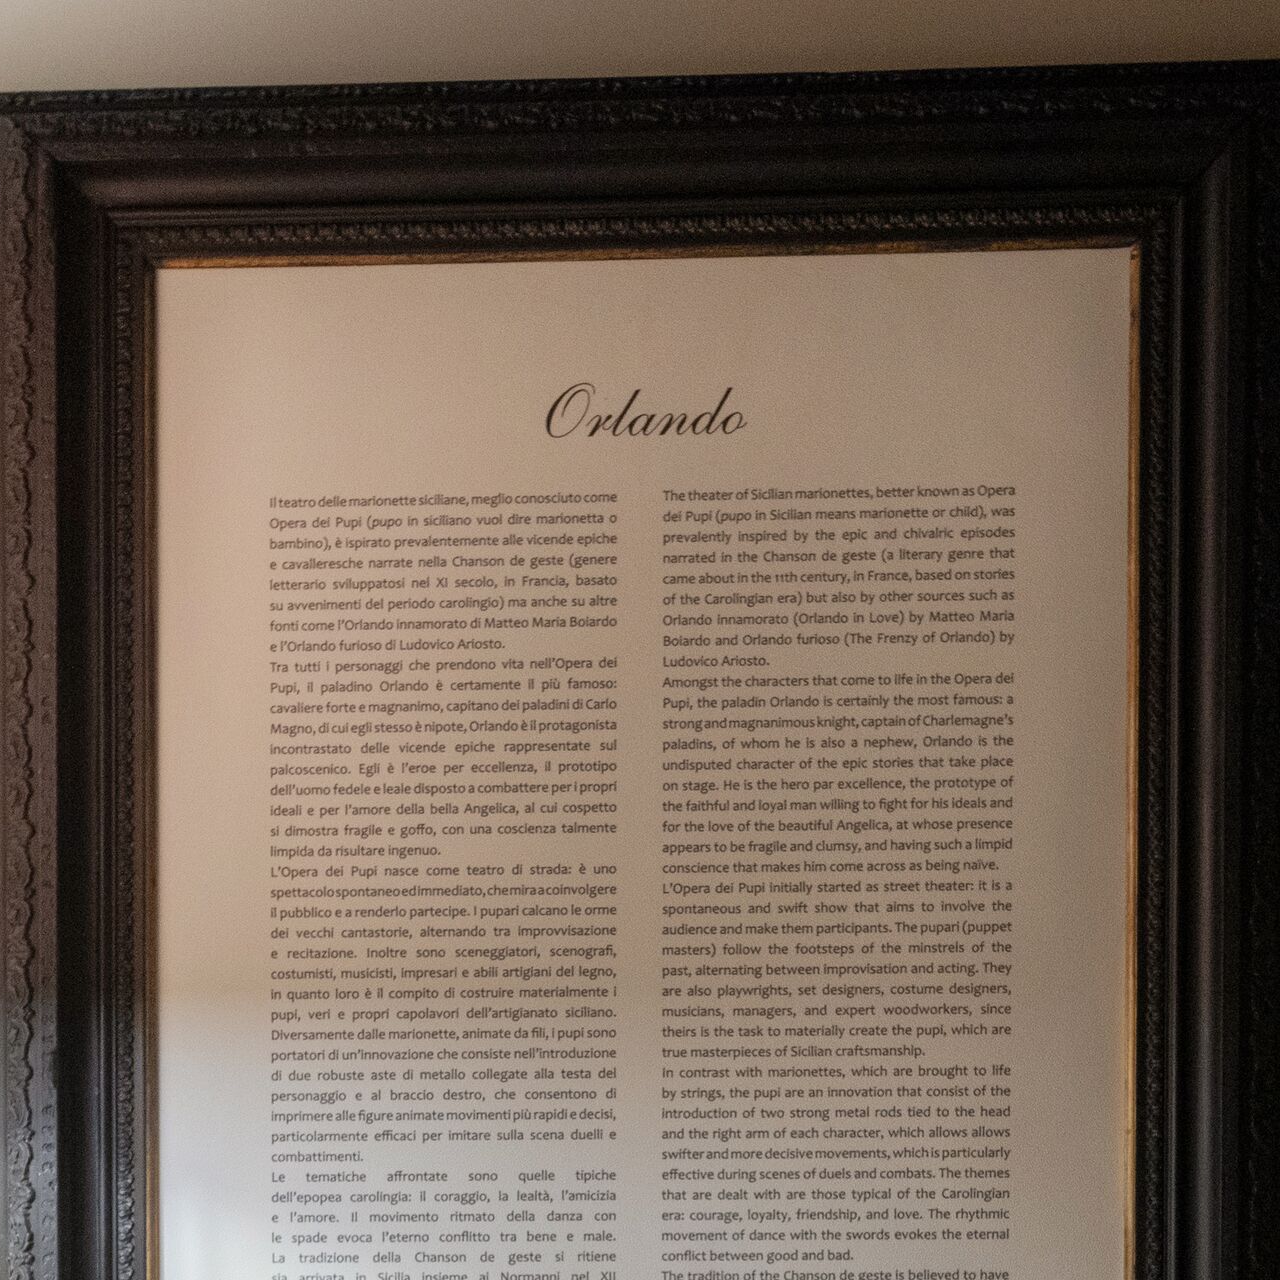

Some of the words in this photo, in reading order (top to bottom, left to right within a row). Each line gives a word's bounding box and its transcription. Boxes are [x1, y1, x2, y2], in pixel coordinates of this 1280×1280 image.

[546, 382, 748, 438] Orlando
[269, 515, 306, 531] Opera
[311, 515, 330, 527] dei
[335, 515, 362, 530] Pupi
[366, 514, 402, 529] (pupo
[407, 515, 418, 526] in
[423, 513, 472, 526] siciliano
[476, 513, 502, 525] vuol
[507, 513, 531, 525] dire
[535, 512, 604, 524] marionetta
[608, 514, 617, 523] o
[662, 529, 732, 545] prevalently
[737, 528, 787, 544] inspired
[792, 528, 808, 543] by
[814, 528, 835, 540] the
[841, 528, 867, 543] epic
[873, 527, 898, 539] and
[902, 526, 954, 539] chivalric
[960, 526, 1015, 541] episodes
[269, 577, 326, 590] letterario
[332, 576, 405, 592] sviluppatosi
[411, 576, 430, 588] nel
[436, 576, 448, 588] XI
[454, 575, 498, 589] secolo,
[504, 575, 515, 587] in
[521, 574, 569, 589] Francia,
[575, 574, 618, 586] basato
[269, 742, 351, 754] incontrastato
[360, 741, 389, 753] delle
[398, 741, 445, 753] vicende
[454, 740, 495, 755] epiche
[503, 741, 590, 755] rappresentate
[599, 739, 617, 751] sul
[662, 758, 732, 773] undisputed
[736, 757, 795, 769] character
[798, 757, 812, 769] of
[816, 757, 838, 769] the
[842, 757, 867, 771] epic
[872, 756, 914, 768] stories
[918, 755, 944, 768] that
[948, 755, 976, 767] take
[980, 755, 1013, 770] place
[662, 903, 741, 917] spontaneous
[747, 901, 771, 913] and
[777, 901, 808, 913] swift
[814, 900, 848, 913] show
[853, 900, 879, 912] that
[886, 901, 914, 912] aims
[920, 901, 934, 912] to
[940, 899, 985, 912] involve
[991, 899, 1012, 911] the
[270, 926, 288, 938] dei
[296, 926, 334, 938] vecchi
[340, 926, 412, 940] cantastorie,
[419, 925, 486, 937] alternando
[493, 926, 510, 936] tra
[517, 924, 617, 939] improvvisazione
[661, 1005, 724, 1019] musicians,
[732, 1007, 796, 1019] managers,
[804, 1004, 827, 1016] and
[834, 1005, 875, 1018] expert
[883, 1003, 972, 1017] woodworkers,
[980, 1003, 1011, 1014] since
[271, 1170, 285, 1182] Le
[305, 1170, 366, 1182] tematiche
[386, 1169, 447, 1181] affrontate
[468, 1172, 498, 1181] sono
[518, 1169, 555, 1184] quelle
[575, 1168, 616, 1183] tipiche
[661, 1211, 684, 1220] era:
[689, 1211, 742, 1223] courage,
[747, 1208, 791, 1223] loyalty,
[796, 1207, 860, 1223] friendship,
[865, 1207, 889, 1219] and
[893, 1207, 922, 1219] love.
[928, 1207, 950, 1219] The
[955, 1207, 1009, 1222] rhythmic

*PROBLEM TO SOLVE*. Copy every line of the material above in which the string "that" can be found.

*TASK SOLUTION*.
[918, 755, 944, 768] that
[853, 900, 879, 912] that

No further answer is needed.